§ **YOUR OBJECTIVE**: Please retype every record below exactly, leaving the pictures out.

Saved entries
^^^^^^^^^^^^^^^^

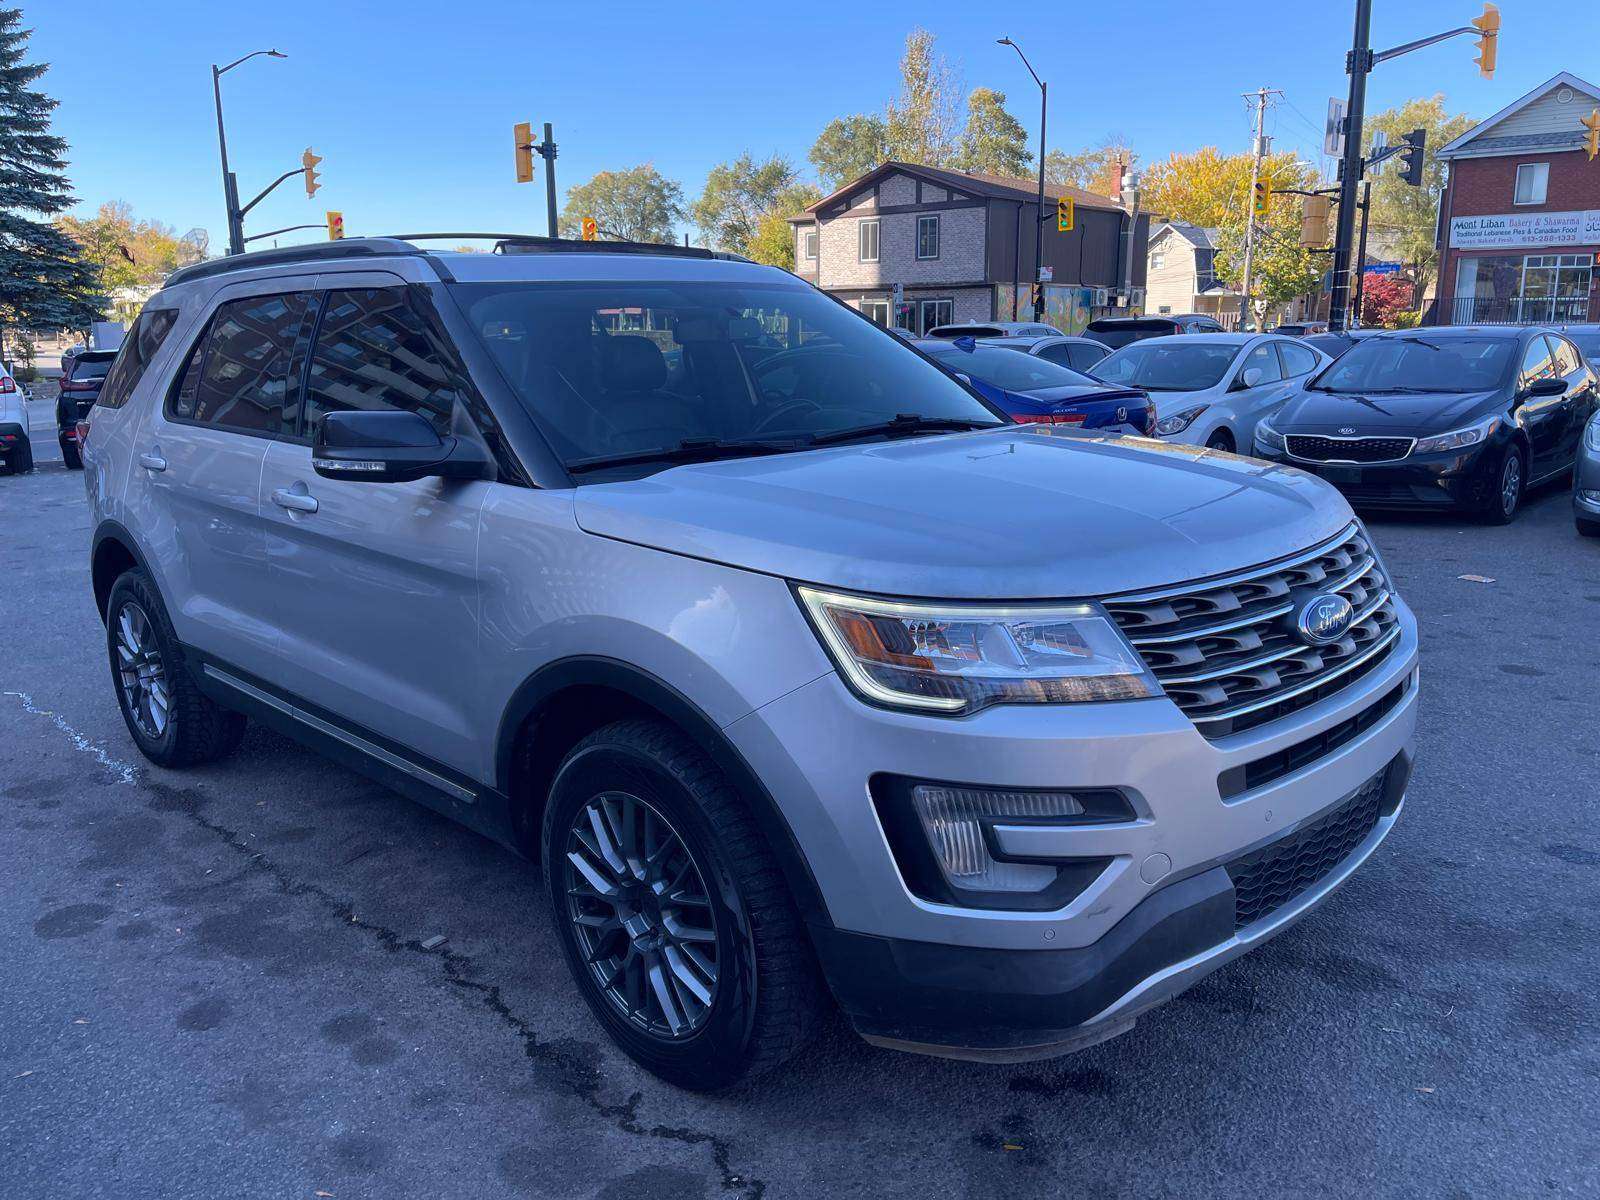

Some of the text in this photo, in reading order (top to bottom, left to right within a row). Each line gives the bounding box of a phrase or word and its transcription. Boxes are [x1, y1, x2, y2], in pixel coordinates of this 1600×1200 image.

[1454, 221, 1477, 230] Mont
[1480, 219, 1505, 229] Liban
[1509, 218, 1532, 228] Bakery
[1535, 217, 1541, 226] &
[1543, 216, 1580, 226] Shawarma
[1562, 226, 1578, 234] Food
[1317, 602, 1351, 631] Ford
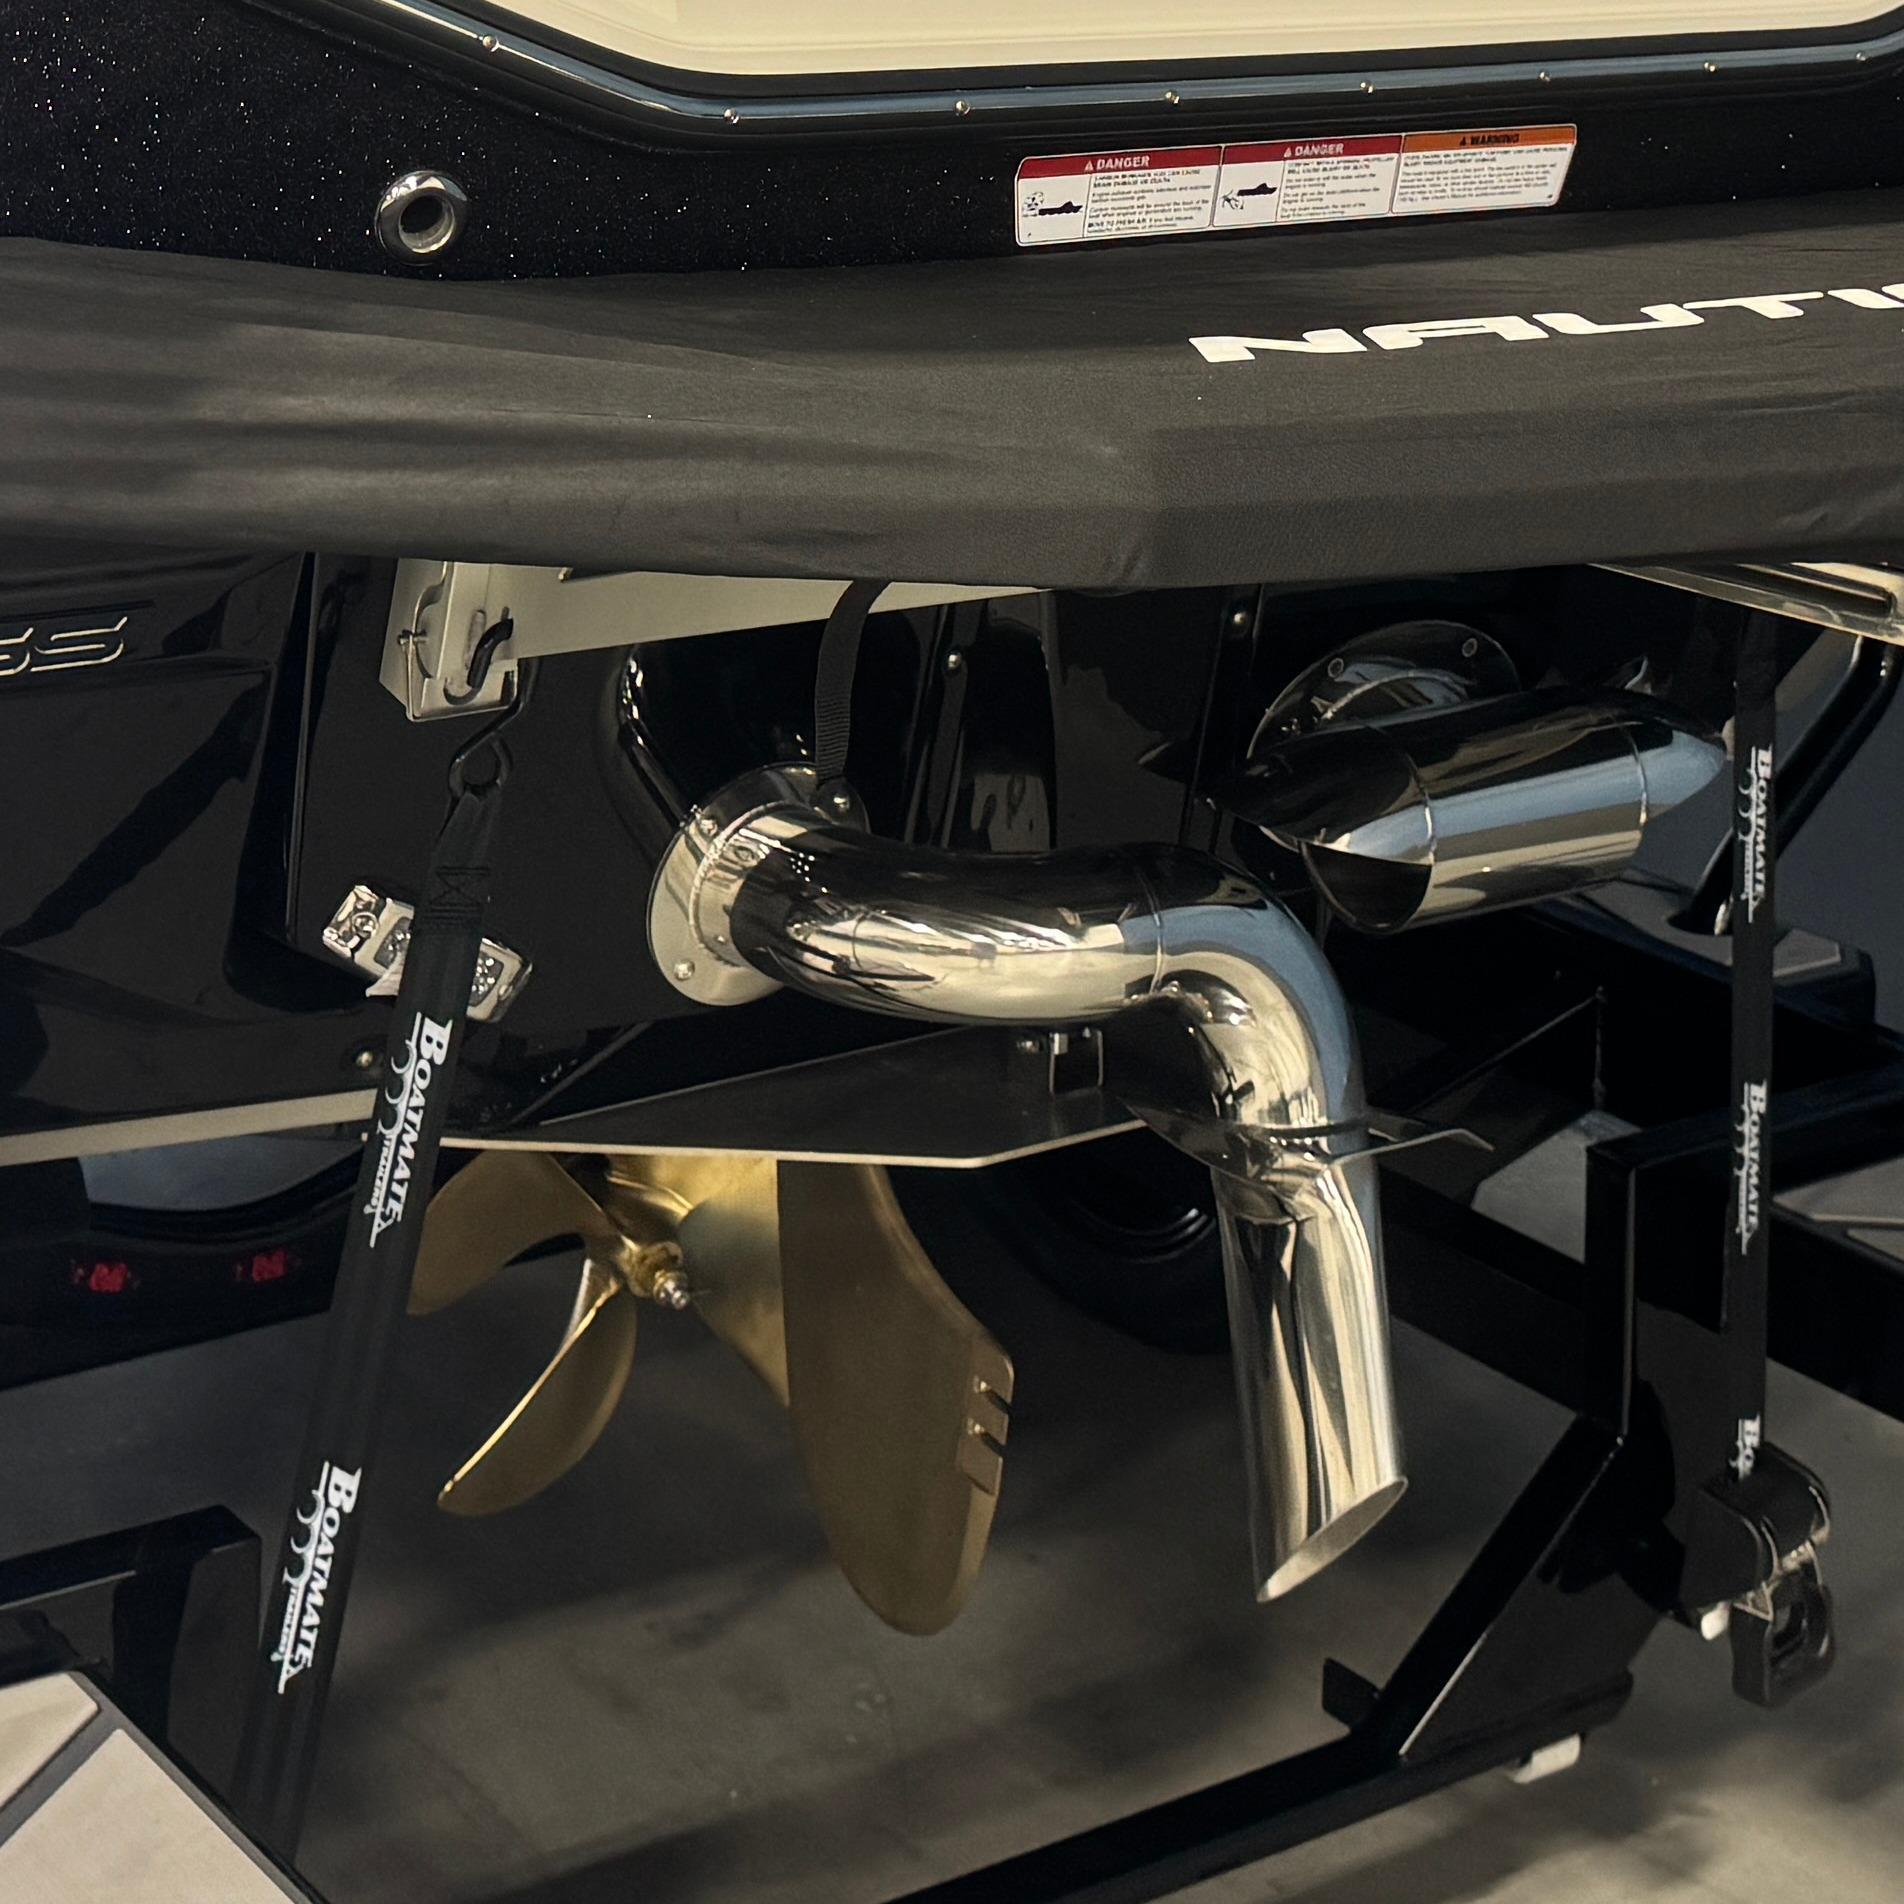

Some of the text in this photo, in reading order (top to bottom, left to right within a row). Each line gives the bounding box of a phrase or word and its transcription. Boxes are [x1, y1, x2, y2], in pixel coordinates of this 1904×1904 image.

[1096, 155, 1151, 171] DANGER
[1294, 142, 1345, 158] DANGER
[384, 1016, 454, 1222] BOATMATE
[294, 1465, 363, 1668] BOATMATE
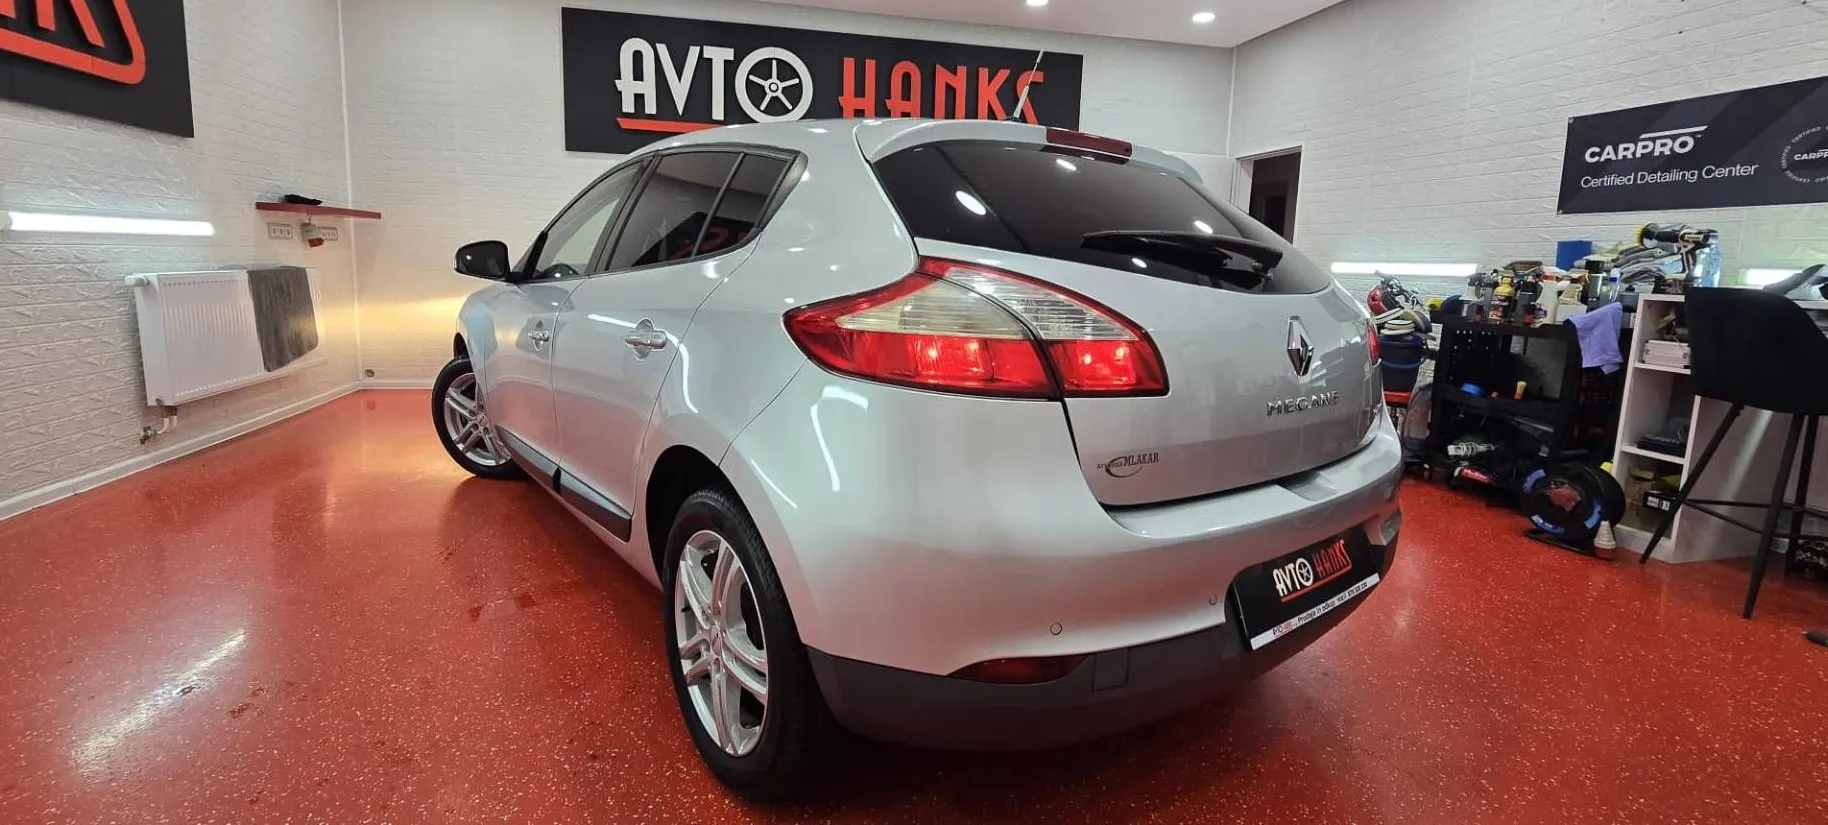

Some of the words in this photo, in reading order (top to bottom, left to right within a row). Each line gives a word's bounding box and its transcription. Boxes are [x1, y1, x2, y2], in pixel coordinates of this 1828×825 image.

^^^^^^^^^^^^^^^^

§ **WRITTEN ANSWER**:
Some of the text in this photo, in reading order (top to bottom, left to right within a row). Each line gives the bounding box of a phrase or word and its transcription. Boxes are [x1, y1, x2, y2], in pixel coordinates of this 1600×1200 image.

[1454, 221, 1477, 230] Mont
[1480, 219, 1505, 229] Liban
[1509, 218, 1532, 228] Bakery
[1535, 217, 1541, 226] &
[1543, 216, 1580, 226] Shawarma
[1562, 226, 1578, 234] Food
[1317, 602, 1351, 631] Ford

Some of the text in this photo, in reading order (top to bottom, left to right within a row). Each line gives the bounding box of a phrase or word and its transcription. Boxes are [x1, y1, x2, y2], in pixel coordinates of this 1904×1904 image.

[1096, 155, 1151, 171] DANGER
[1294, 142, 1345, 158] DANGER
[384, 1016, 454, 1222] BOATMATE
[294, 1465, 363, 1668] BOATMATE

Some of the words in this photo, in reading order (top to bottom, left to right within a row). Each line gives a word's bounding box and its transcription. Boxes are [x1, y1, x2, y2], in pixel coordinates of this 1828×825 image.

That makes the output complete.